_WHAT YOU ARE ASKED TO DO_:
Reproduce the entries exactly as they appear below.

_Free-text object descriptions_:
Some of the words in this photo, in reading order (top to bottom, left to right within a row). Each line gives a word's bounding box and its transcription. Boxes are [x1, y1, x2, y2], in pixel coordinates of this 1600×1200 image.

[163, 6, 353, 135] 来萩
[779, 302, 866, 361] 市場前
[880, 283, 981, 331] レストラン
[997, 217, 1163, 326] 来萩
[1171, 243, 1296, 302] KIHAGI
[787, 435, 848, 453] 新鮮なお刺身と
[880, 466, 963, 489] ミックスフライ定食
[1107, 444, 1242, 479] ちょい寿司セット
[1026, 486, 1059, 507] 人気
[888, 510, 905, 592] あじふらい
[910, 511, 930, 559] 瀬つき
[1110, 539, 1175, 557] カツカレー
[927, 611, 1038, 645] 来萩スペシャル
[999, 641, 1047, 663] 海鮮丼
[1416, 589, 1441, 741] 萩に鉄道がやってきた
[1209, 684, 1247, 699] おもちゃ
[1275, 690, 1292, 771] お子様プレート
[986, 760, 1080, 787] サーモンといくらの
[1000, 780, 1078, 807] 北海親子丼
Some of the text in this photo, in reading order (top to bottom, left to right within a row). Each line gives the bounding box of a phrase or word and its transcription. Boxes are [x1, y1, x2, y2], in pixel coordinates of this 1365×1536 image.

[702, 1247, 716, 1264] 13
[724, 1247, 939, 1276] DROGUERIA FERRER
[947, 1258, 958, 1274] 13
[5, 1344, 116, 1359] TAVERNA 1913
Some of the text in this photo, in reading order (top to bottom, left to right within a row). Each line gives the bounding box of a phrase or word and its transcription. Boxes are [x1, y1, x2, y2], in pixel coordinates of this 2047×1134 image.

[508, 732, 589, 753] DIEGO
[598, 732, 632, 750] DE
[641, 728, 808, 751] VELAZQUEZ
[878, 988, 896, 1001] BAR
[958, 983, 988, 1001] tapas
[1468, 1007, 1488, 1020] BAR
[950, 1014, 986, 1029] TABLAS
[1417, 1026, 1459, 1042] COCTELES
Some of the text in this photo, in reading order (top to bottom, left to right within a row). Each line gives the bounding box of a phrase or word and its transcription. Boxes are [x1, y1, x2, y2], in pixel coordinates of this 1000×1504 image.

_RESULT OF THIS TASK_:
Some of the words in this photo, in reading order (top to bottom, left to right within a row). Each line gives a word's bounding box and its transcription. Boxes are [x1, y1, x2, y2], in pixel coordinates of this 1600×1200 image.

[163, 6, 353, 135] 来萩
[779, 302, 866, 361] 市場前
[880, 283, 981, 331] レストラン
[997, 217, 1163, 326] 来萩
[1171, 243, 1296, 302] KIHAGI
[787, 435, 848, 453] 新鮮なお刺身と
[880, 466, 963, 489] ミックスフライ定食
[1107, 444, 1242, 479] ちょい寿司セット
[1026, 486, 1059, 507] 人気
[888, 510, 905, 592] あじふらい
[910, 511, 930, 559] 瀬つき
[1110, 539, 1175, 557] カツカレー
[927, 611, 1038, 645] 来萩スペシャル
[999, 641, 1047, 663] 海鮮丼
[1416, 589, 1441, 741] 萩に鉄道がやってきた
[1209, 684, 1247, 699] おもちゃ
[1275, 690, 1292, 771] お子様プレート
[986, 760, 1080, 787] サーモンといくらの
[1000, 780, 1078, 807] 北海親子丼
Some of the text in this photo, in reading order (top to bottom, left to right within a row). Each line gives the bounding box of a phrase or word and its transcription. Boxes are [x1, y1, x2, y2], in pixel coordinates of this 1365×1536 image.

[702, 1247, 716, 1264] 13
[724, 1247, 939, 1276] DROGUERIA FERRER
[947, 1258, 958, 1274] 13
[5, 1344, 116, 1359] TAVERNA 1913
Some of the text in this photo, in reading order (top to bottom, left to right within a row). Each line gives the bounding box of a phrase or word and its transcription. Boxes are [x1, y1, x2, y2], in pixel coordinates of this 2047×1134 image.

[508, 732, 589, 753] DIEGO
[598, 732, 632, 750] DE
[641, 728, 808, 751] VELAZQUEZ
[878, 988, 896, 1001] BAR
[958, 983, 988, 1001] tapas
[1468, 1007, 1488, 1020] BAR
[950, 1014, 986, 1029] TABLAS
[1417, 1026, 1459, 1042] COCTELES
Some of the text in this photo, in reading order (top to bottom, left to right within a row). Each line gives the bounding box of a phrase or word and its transcription. Boxes are [x1, y1, x2, y2], in pixel coordinates of this 1000×1504 image.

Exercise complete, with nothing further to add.